Purpose of Review: Central to the obstacles to be overcome in moving promising cell-based therapies from the laboratory to the clinic is that of determining which of the many cell types being examined are optimal for repairing particular lesions. Recent Findings: Our studies on astrocyte replacement therapies demonstrate clearly that some cells are far better than others at promoting recovery in spinal cord injury and that, at least in some cases, transplanting undifferentiated precursor cells is far less useful than transplanting specific astrocytes derived from those precursor cells. But further comparison between different approaches is hindered by the difficulties in replicating results between laboratories, even for well defined pharmacological agents and bioactive proteins. These difficulties in replication appear most likely to be due to unrecognized nuances in lesion characteristics and in the details of delivery of therapies.
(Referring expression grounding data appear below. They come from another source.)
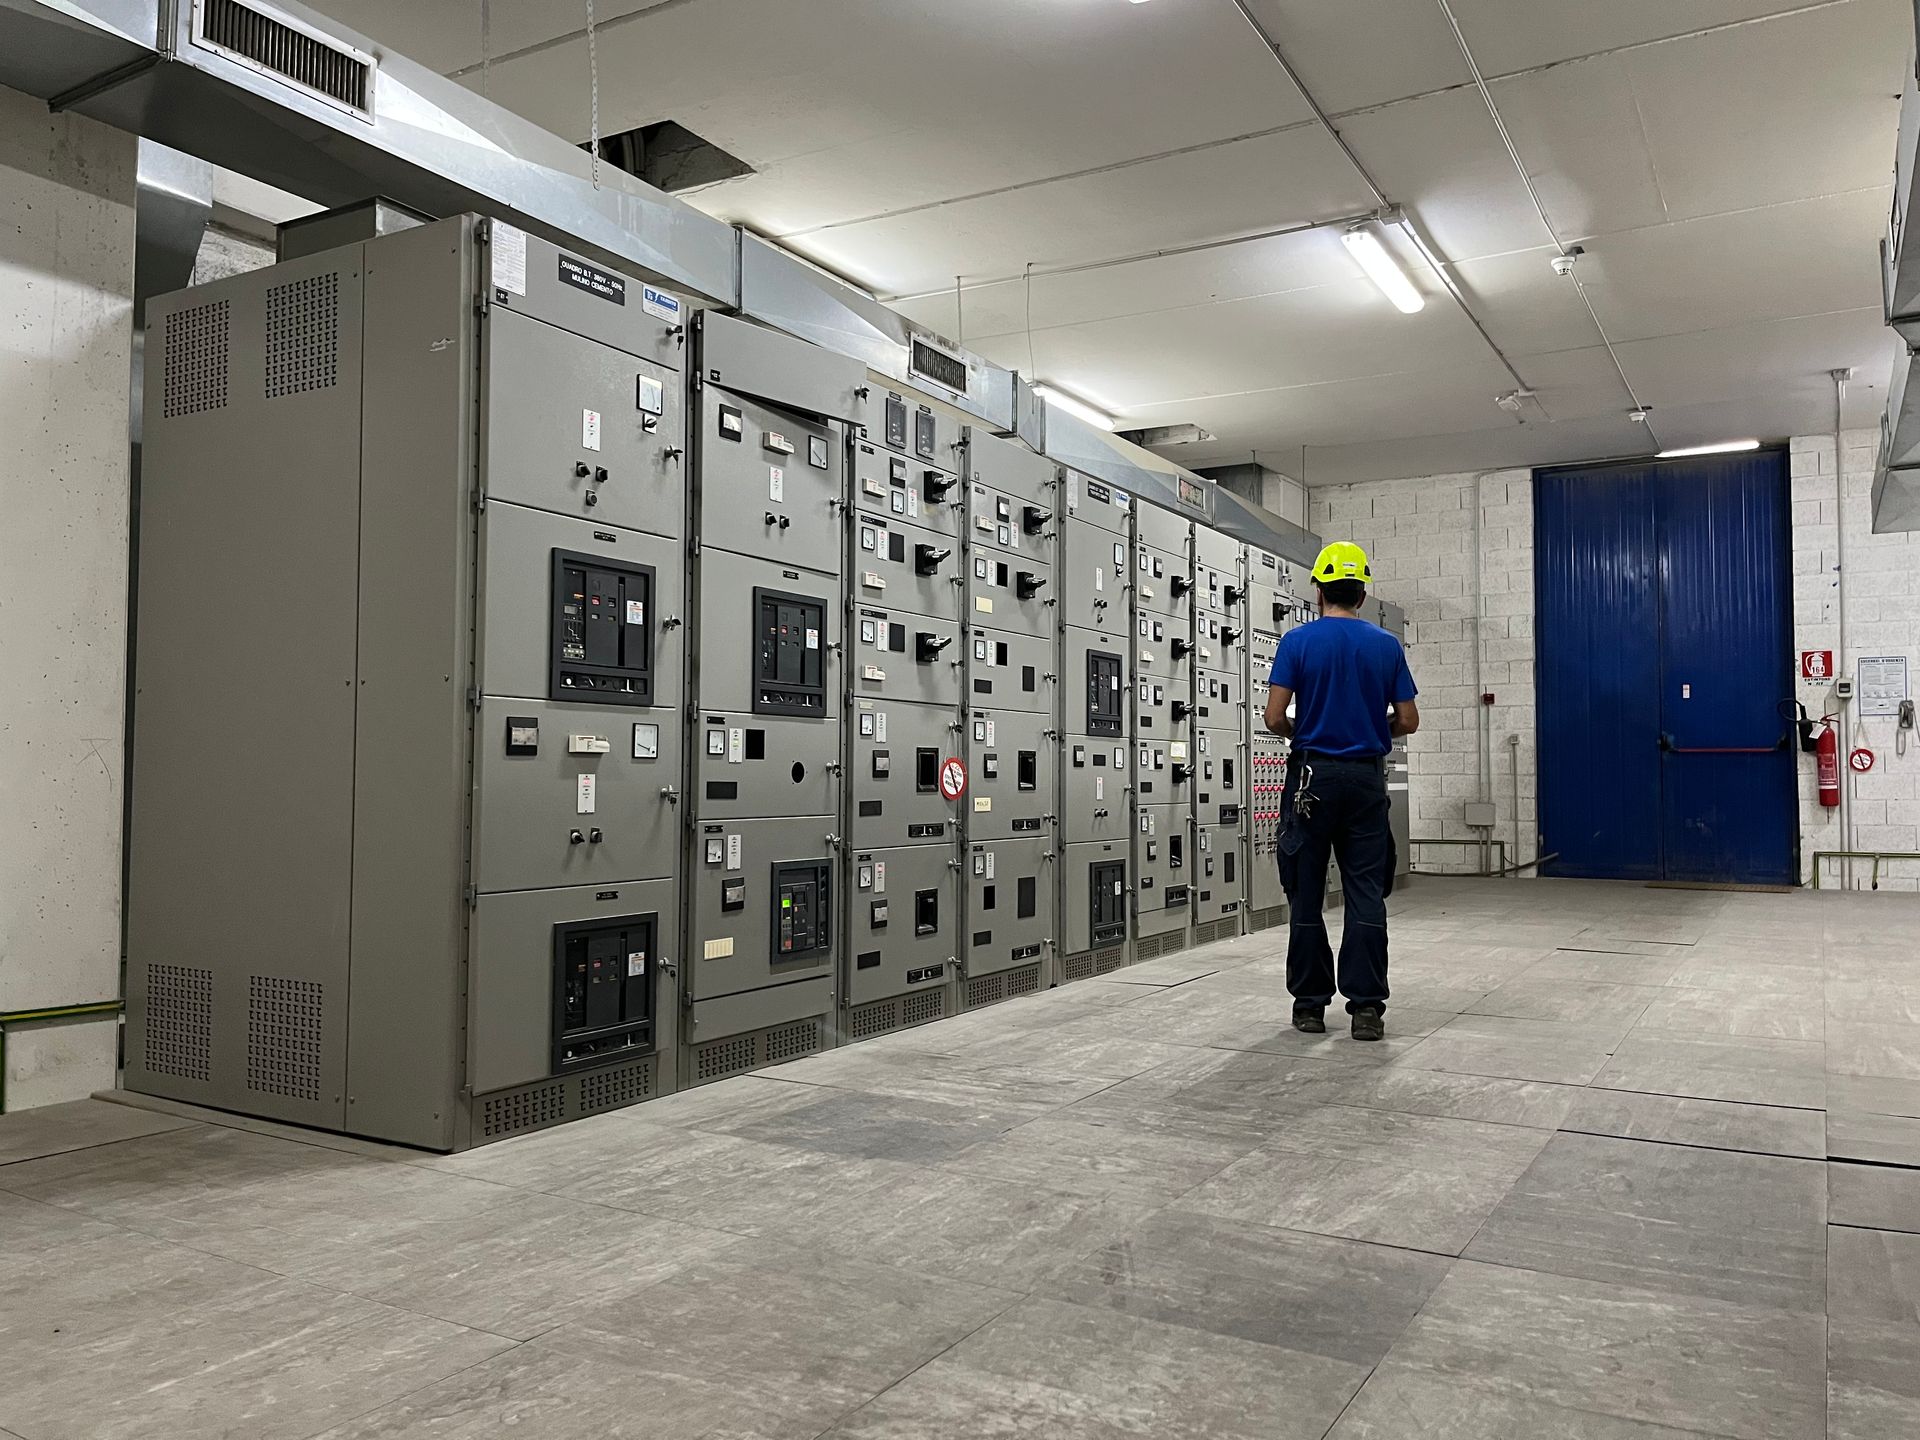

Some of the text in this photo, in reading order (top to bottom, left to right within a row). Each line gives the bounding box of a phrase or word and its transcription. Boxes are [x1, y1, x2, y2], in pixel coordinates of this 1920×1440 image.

[561, 260, 583, 275] QUADRO
[571, 273, 614, 296] MULINO CEMENTO
[1812, 666, 1824, 674] 164
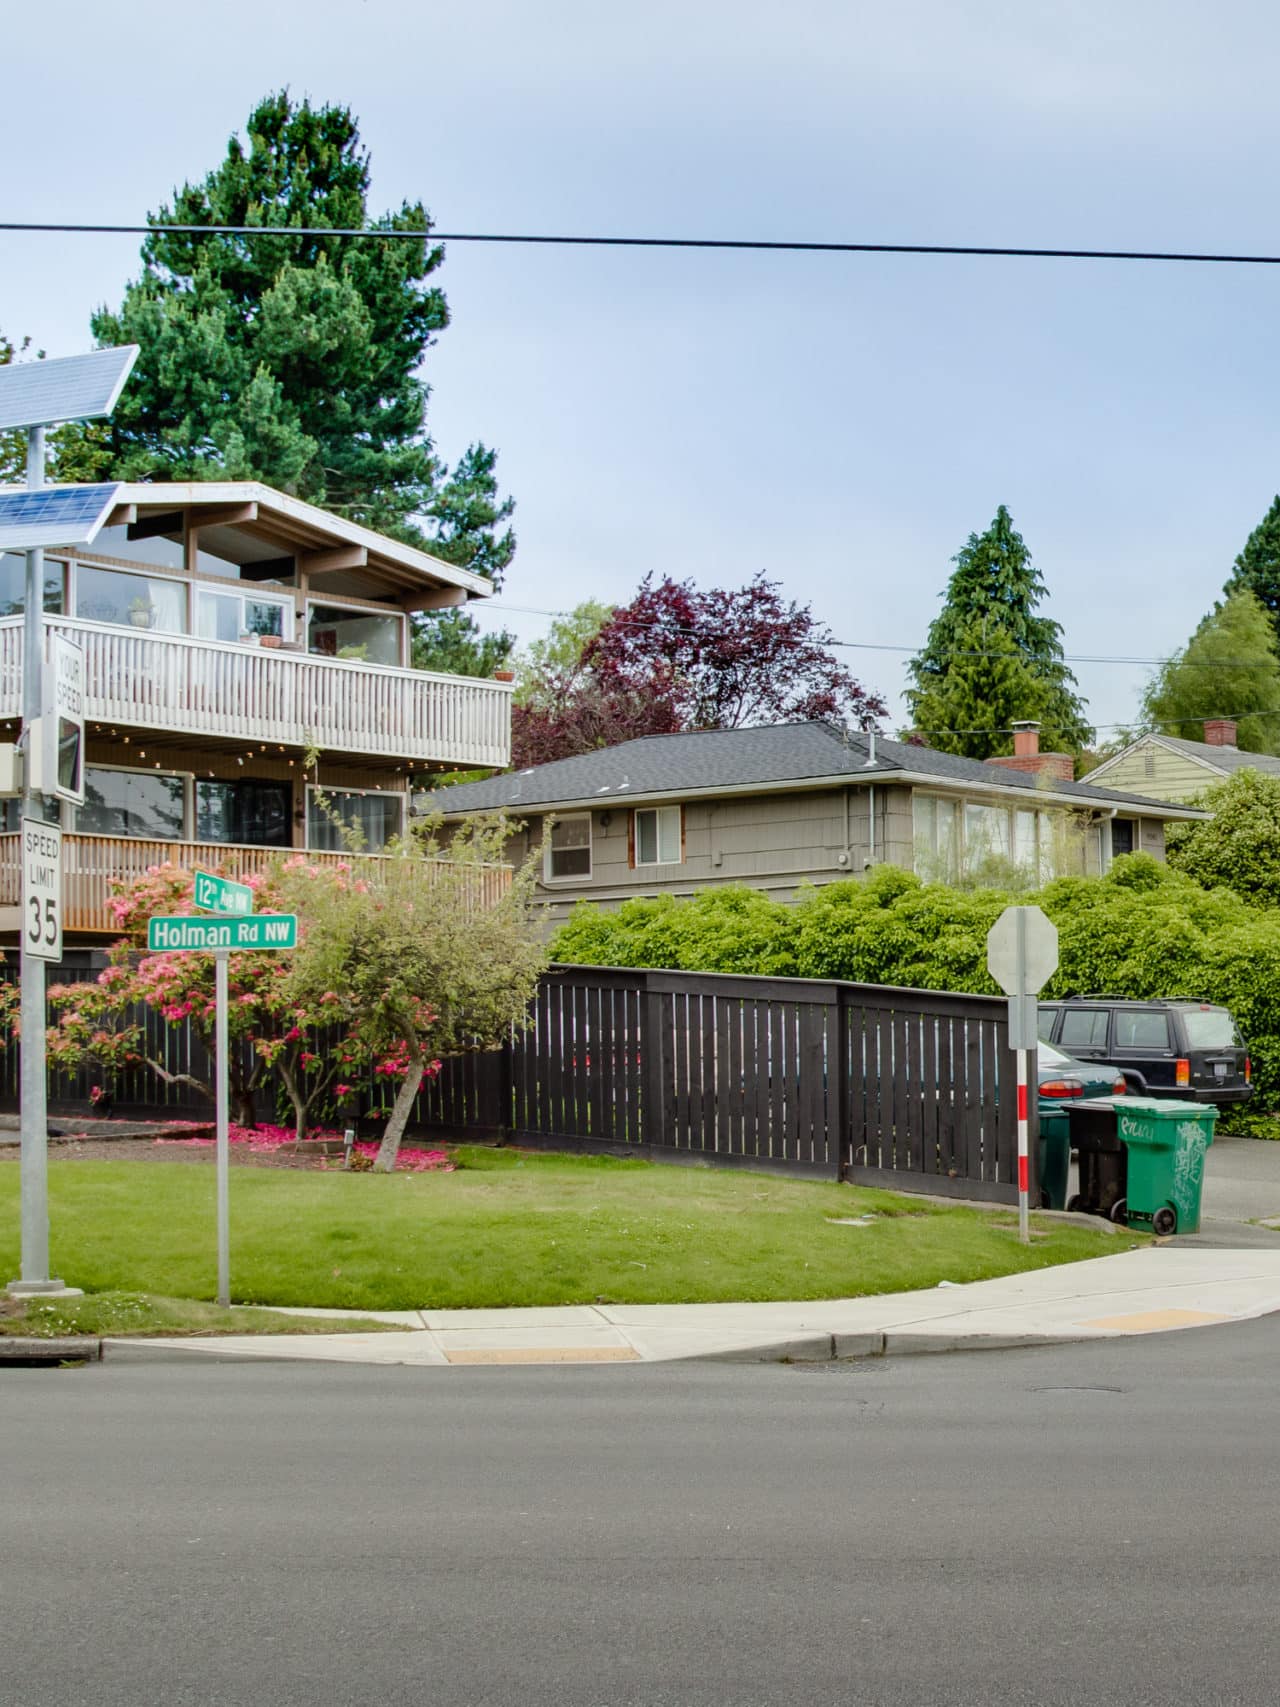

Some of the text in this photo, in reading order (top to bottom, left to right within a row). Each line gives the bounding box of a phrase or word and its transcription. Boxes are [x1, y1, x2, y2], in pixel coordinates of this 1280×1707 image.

[60, 653, 80, 684] YOUR
[57, 681, 80, 714] SPEED
[26, 832, 59, 858] SPEED
[30, 864, 55, 888] LIMIT
[220, 887, 234, 908] Ave
[29, 896, 57, 945] 35
[154, 922, 290, 946] Holman Rd NW
Summary: We propose that the challenge of reproducibility provides a critical opportunity for refining cell-based therapies. If the utility of a particular approach is so restricted that even small changes in lesions or treatment protocols eliminate benefit, then the variability inherent in clinical injuries will frustrate translation. In contrast, rising to this challenge may enable discovery of refinements needed to confer the robustness needed for successful clinical trials.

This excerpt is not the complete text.